Très médiatisée pour son travail de contrôle des particuliers et son action pour lutter contre la contrebande, la douane est aussi un partenaire privilégié des entreprises. Rodolphe Gintz, directeur général des douanes et des droits indirects, revient sur la relation de sa direction avec les contribuables, mais aussi sur son action en faveur de la compétitivité des entreprises françaises.

Décideurs. Quelle est l’approche de la douane concernant le contrôle des entreprises ?

Rodolphe Gintz. La philosophie du gouvernement est simple : l’immense majorité des acteurs économiques respectent la loi, quand d’autres, peu nombreux, ne respectent pas les règles du jeu. L’égalité devant l’impôt étant un principe essentiel, notre dispositif de contrôle doit être le moins visible, le moins intrusif possible pour ceux qui n’ont rien à se reprocher, et doit se concentrer sur ceux qui ne respectent la loi. Pour cela, nous avons besoin d’outils puissants pour cibler nos contrôles sans alourdir les dispositifs antifraude.

De quels outils disposez-vous pour cibler les contrôles douaniers ?
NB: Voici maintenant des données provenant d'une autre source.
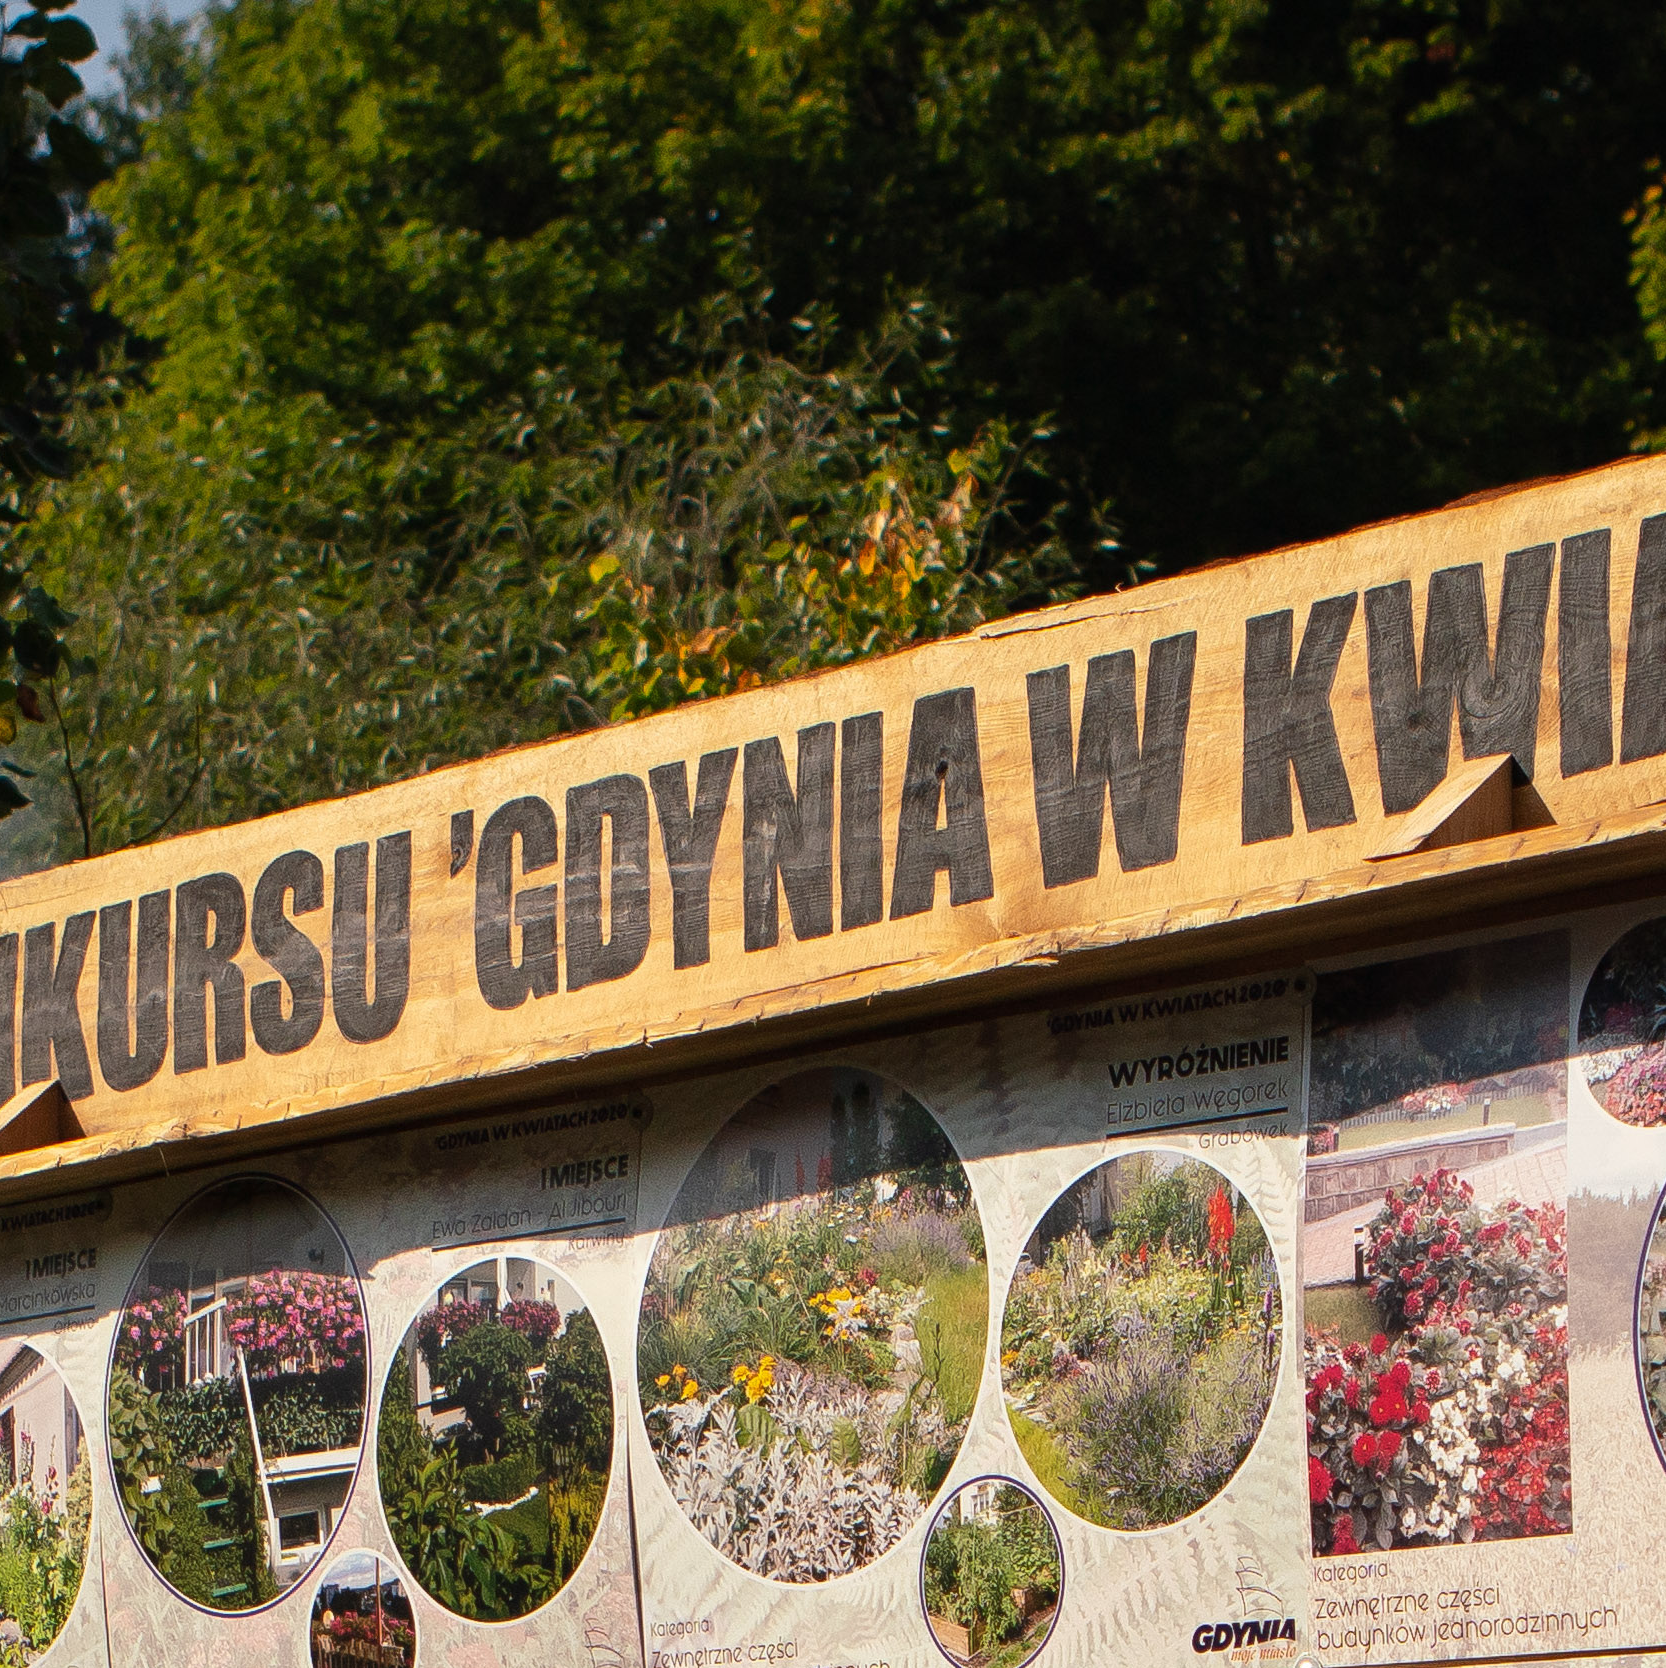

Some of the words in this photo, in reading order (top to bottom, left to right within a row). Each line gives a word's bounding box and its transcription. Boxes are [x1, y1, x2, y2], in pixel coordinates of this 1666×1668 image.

[450, 687, 993, 1008] 'GDYNIA
[1027, 630, 1195, 882] W
[1119, 1004, 1139, 1023] W
[1142, 989, 1236, 1020] KWIATACH
[1108, 1036, 1288, 1088] WYRÓŻNIENIE
[1108, 1094, 1185, 1125] Elżbieta
[1193, 1077, 1288, 1113] Węgorek
[493, 1124, 509, 1141] W
[512, 1111, 588, 1138] KWIATACH
[1199, 1121, 1288, 1150] Grabówek
[541, 1169, 547, 1190] I
[550, 1155, 629, 1189] MIEJSCE
[433, 1220, 466, 1239] Ewa
[568, 1230, 624, 1251] Karwiny
[34, 1248, 97, 1278] MIEJSCE
[1315, 1593, 1428, 1620] Zewnętrzne
[1437, 1583, 1499, 1614] części
[1191, 1619, 1295, 1654] GDYNIA
[1317, 1623, 1425, 1653] budynków
[1431, 1607, 1618, 1649] jednorodzinnych
[748, 1636, 799, 1664] części
[1230, 1646, 1256, 1663] moje
[1259, 1643, 1297, 1661] miasto
Les contrôles douaniers ne sont systématiques que pour un cas particulier : les animaux vivants et les matières d’origine animale et végétale. Pour le reste des entreprises, nous pratiquons un contrôle ciblé. Nous avons beaucoup investi dans des moyens techniques qui nous permettent d’aller, avec une certitude plus forte, vers des contrôles positifs. Il ne faut pas oublier que le contrôle est aussi une forme de protection des entreprises et des marques, car il permet de s’assurer que l’ensemble des acteurs jouent selon les mêmes règles. Pour tous ces contribuables qui sont de bonne foi, nous avons créé le statut d’opérateur économique agréé (OEA). Cela permet aux entreprises qui le souhaitent de solliciter un audit gratuit de notre part, afin d’obtenir une certification, à laquelle sont attachées certaines facilitations douanières, dont un allègement des contrôles. Mis en place il y a une dizaine d’années, ce label est devenu une priorité depuis le plan « Dédouanez en France », de 2015. Au 1er septembre 2018, 1 638 entreprises sont certifiées OEA en France.
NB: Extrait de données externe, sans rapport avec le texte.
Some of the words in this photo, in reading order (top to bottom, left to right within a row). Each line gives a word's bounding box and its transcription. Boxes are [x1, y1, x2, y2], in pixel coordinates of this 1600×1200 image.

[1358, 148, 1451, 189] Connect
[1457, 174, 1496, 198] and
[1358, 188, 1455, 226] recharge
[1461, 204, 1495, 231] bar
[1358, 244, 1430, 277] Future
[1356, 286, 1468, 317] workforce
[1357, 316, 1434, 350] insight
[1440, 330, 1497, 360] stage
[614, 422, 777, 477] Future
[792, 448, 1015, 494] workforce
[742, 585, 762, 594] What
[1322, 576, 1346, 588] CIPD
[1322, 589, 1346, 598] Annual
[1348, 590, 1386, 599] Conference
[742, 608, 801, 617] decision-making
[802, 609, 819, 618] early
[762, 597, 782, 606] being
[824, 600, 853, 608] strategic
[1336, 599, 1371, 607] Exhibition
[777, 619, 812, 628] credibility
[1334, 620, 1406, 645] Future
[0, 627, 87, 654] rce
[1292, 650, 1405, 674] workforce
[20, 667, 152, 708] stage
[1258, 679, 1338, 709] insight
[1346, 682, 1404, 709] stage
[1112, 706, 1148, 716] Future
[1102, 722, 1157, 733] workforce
Le numérique est-il un enjeu pour la douane ?

Nous avons, par nature, une donnée très riche, qui continue de s’enrichir à mesure que nous dématérialisons nos processus déclaratifs. Il y a deux ans, nous avons investi dans un centre dédié à l’analyse de risque et au ciblage qui nous permettra d’analyser ce patrimoine de données. La loi pour un État au service d’une société de confiance (Essoc), votée au mois d’août, prévoit notamment que les agents passent de moins en moins de temps dans les entreprises. Cela ne veut pas dire relâcher les contrôles mais, au contraire, mieux les préparer et les cibler pour faire gagner du temps à l’ensemble des parties prenantes. Nous réfléchissions beaucoup à la façon dont les nouvelles technologies peuvent nous aider à transformer les obligations déclaratives. La blockchain par exemple nous semble un outil intéressant. Ce qui est certain est que les contrôles devront évoluer, certainement dans le sens d’un allègement.
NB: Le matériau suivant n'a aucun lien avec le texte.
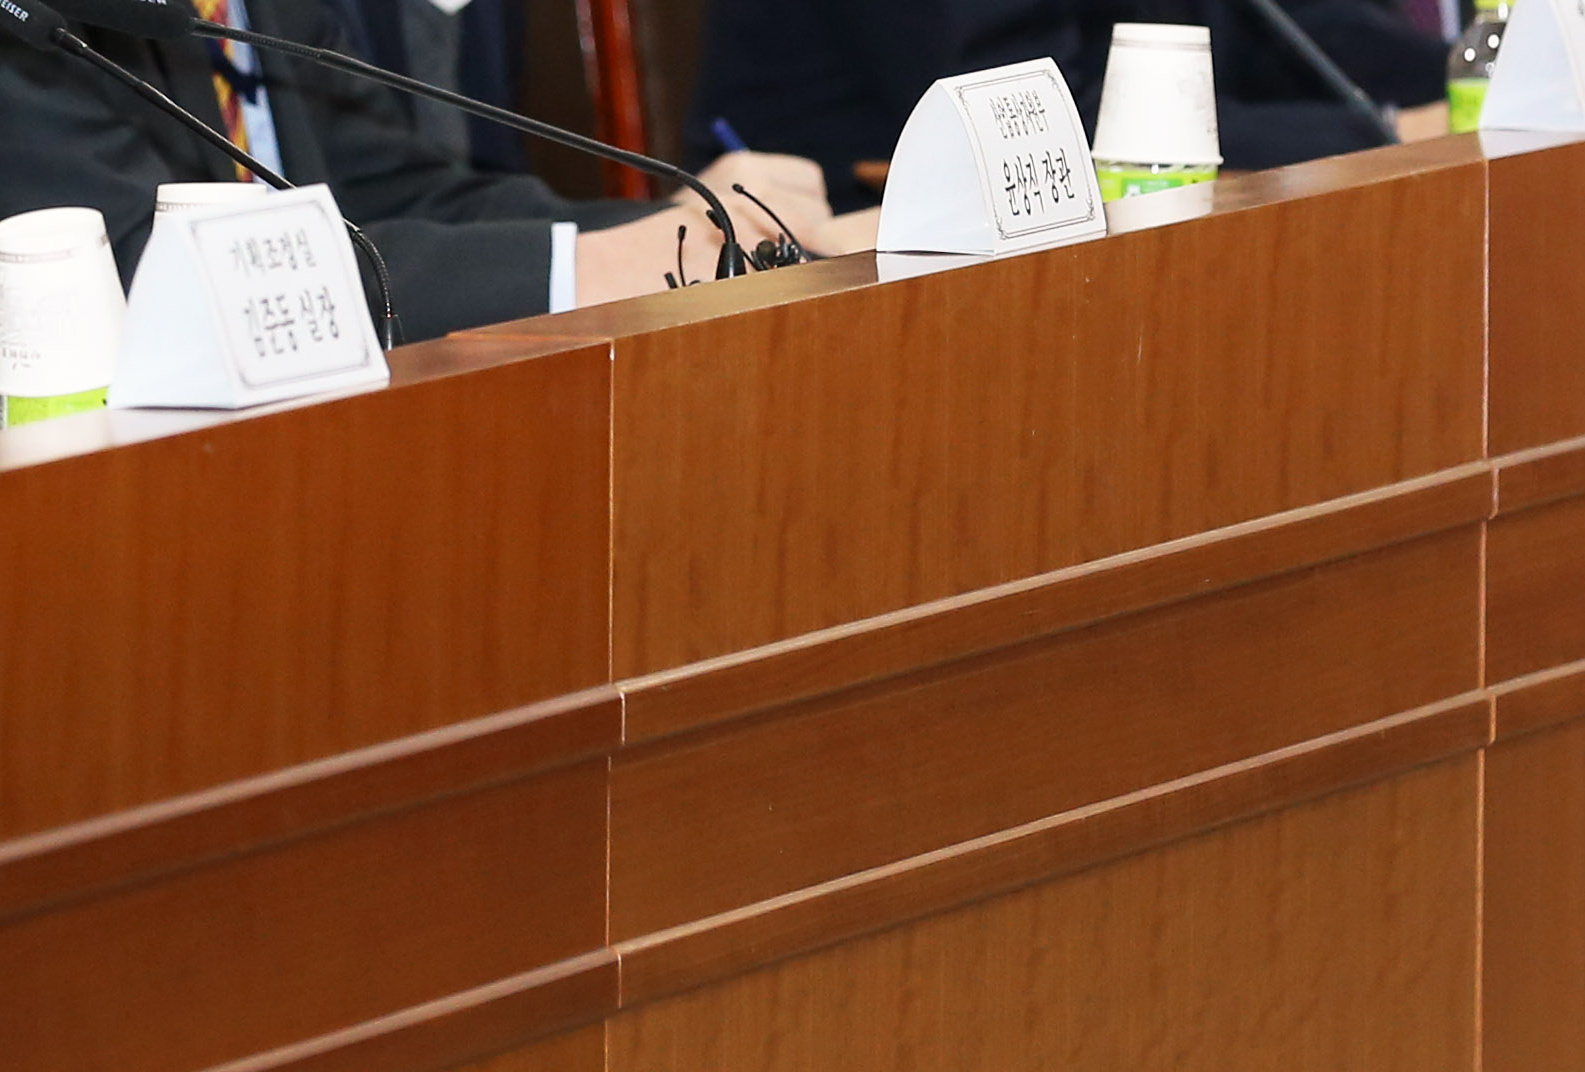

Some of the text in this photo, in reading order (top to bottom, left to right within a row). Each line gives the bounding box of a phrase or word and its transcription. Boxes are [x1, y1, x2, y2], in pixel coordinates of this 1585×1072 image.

Entretenez-vous de bonnes relations avec les entreprises ?

Nous essayons d’anticiper au maximum les contrôles afin de préserver ces relations. La possibilité de demander des rescrits à l’administration existe depuis longtemps et a été rappelée dans la loi Essoc. Nous essayons par ailleurs d’unifier nos pratiques avec celles de la direction générale des finances publiques. Enfin, les douanes sont présentes partout en France à travers une quarantaine de pôles d’action économique qui permettent aux entreprises de nous consulter et qui nous permettent aussi de les sensibiliser à propos des grands enjeux douaniers et fiscaux.  

La fiscalité énergétique et environnementale représente une part importante du travail des douanes. Quels sont les enjeux actuels pour les entreprises qui y sont soumises ?

Cette fiscalité a été augmentée de façon significative depuis 2014, ce qui en fait un poste de dépenses regardé de très près par les directions financières. Le but environnemental de ces taxes est totalement assumé par le gouvernement, qui a toutefois ménagé des taux réduits sur la base des textes communautaires, pour préserver la compétitivité de certains secteurs, notamment industriels. L’obtention de ces taux implique une certaine technicité, donc là encore nous incitons les directeurs financiers et fiscaux à venir nous consulter afin de sécuriser leurs dossiers.

La lutte contre la fraude est aussi l’une des grandes missions de la DGDDI.

Bien sûr. Le leitmotiv de notre direction est : « Agir pour protéger. » Il ne faut pas oublier que la douane est une administration fiscale. Sa mission va être renforcée par la loi relative à la lutte contre la fraude, actuellement examinée à l’Assemblée nationale. Elle va notamment permettre d’accroître les échanges d’informations entre les différentes administrations pour utiliser la donnée et ainsi mieux identifier les contribuables susceptibles d’être en fraude. Les logiciels rendant possible la commission de délits douaniers pourront également être sanctionnés.  

Globalement, comment les douanes peuvent-elles soutenir la compétitivité des entreprises ?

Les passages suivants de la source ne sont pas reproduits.